“La causa del Trabajo es la esperanza del mundo”. Grabado
inglés del siglo XIX.
Fuerzas parlamentarias que se pregonan todas
ellas de izquierdas han anunciado su voto negativo a la Ley de la Reforma
Laboral, a menos que se desconsensúe lo que se ha consensuado entre el Gobierno
y los sujetos sociales. Los sujetos sociales no están legitimados para
consensuar nada, según esas fuerzas que se pregonan todas ellas de izquierdas,
y el consenso habrá de buscarse en el propio Parlamento, lugar donde, como es
sabido, lo que predomina es la rebatiña, y donde no se ha conseguido consensuar
ni siquiera materias constitucionales trascendentes como la renovación del
Poder Judicial.
Es el primer absurdo con el que nos encontramos
en la situación actual. Luego me referiré a él más despacio. El segundo es que,
en un apretado repaso a los motivos del “no” de esas fuerzas políticas, viene a
resultar que con lo que no están de acuerdo, en cuestión de contenidos, no es
con lo que hay en la Ley in pectore, sino
con lo que no hay.
Nos enumeran de forma prolija (1) todo lo que
le falta a la reforma propuesta para resanar las relaciones laborales. Es
mucho, convengamos en ello. Pero nadie sostiene que el paquete que ahora se
presenta a la aprobación del poder legislativo sea “toda” la reforma de lo que
sí se legisló de un plumazo y sin consenso en 2012. Nadie ha hablado de una
sustitución mecánica del viejo texto por el nuevo. Cuando caminamos en una
dirección determinada, solemos dar un paso detrás de otro. A nadie hasta ahora
se le ha ocurrido que el método sea malo, y que deba ser suplido por un brinco
tal que dejaría chiquito el récord olímpico de salto de longitud.
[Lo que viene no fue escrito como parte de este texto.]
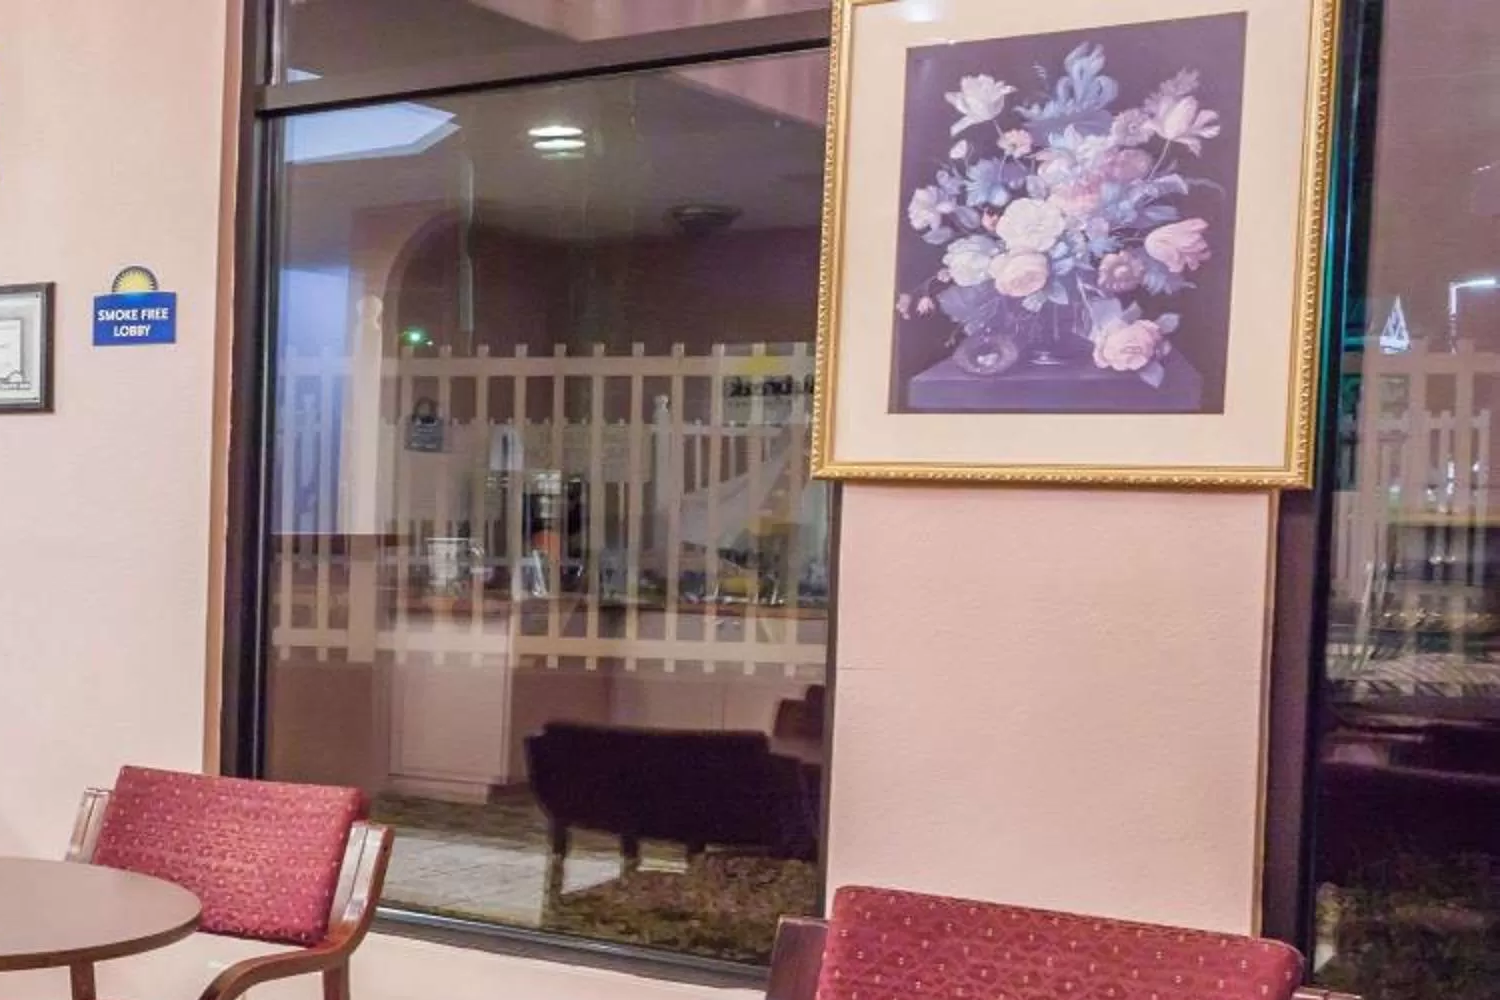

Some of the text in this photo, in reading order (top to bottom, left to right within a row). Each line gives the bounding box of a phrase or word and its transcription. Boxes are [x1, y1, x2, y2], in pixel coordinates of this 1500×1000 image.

[97, 307, 169, 321] SMOKE FREE
[113, 324, 151, 337] LOBBY
Un paso detrás de otro no parece ninguna
traición a los principios inconmovibles del movimiento obrero. La reforma que
se propone no es ningún paso atrás, sino un paso adelante que habrá de ser
completado por otros. Entonces, parece lógico considerar la posibilidad de
limitar el voto del “no” a todo lo que la ley “no” contiene, y dar el “sí” a
sus contenidos reales, severa, objetiva y laicamente considerados. Sería, por
lo demás, un favor que nos haríamos todos a nosotros mismos. Si no damos este
paso, el siguiente será más difícil.
Vuelvo al primer absurdo, el que deslegitima el
consenso de las partes sociales. Quienes consideran que no se debe pactar con
la patronal, lo digo muy claro, no han firmado jamás un contrato de trabajo.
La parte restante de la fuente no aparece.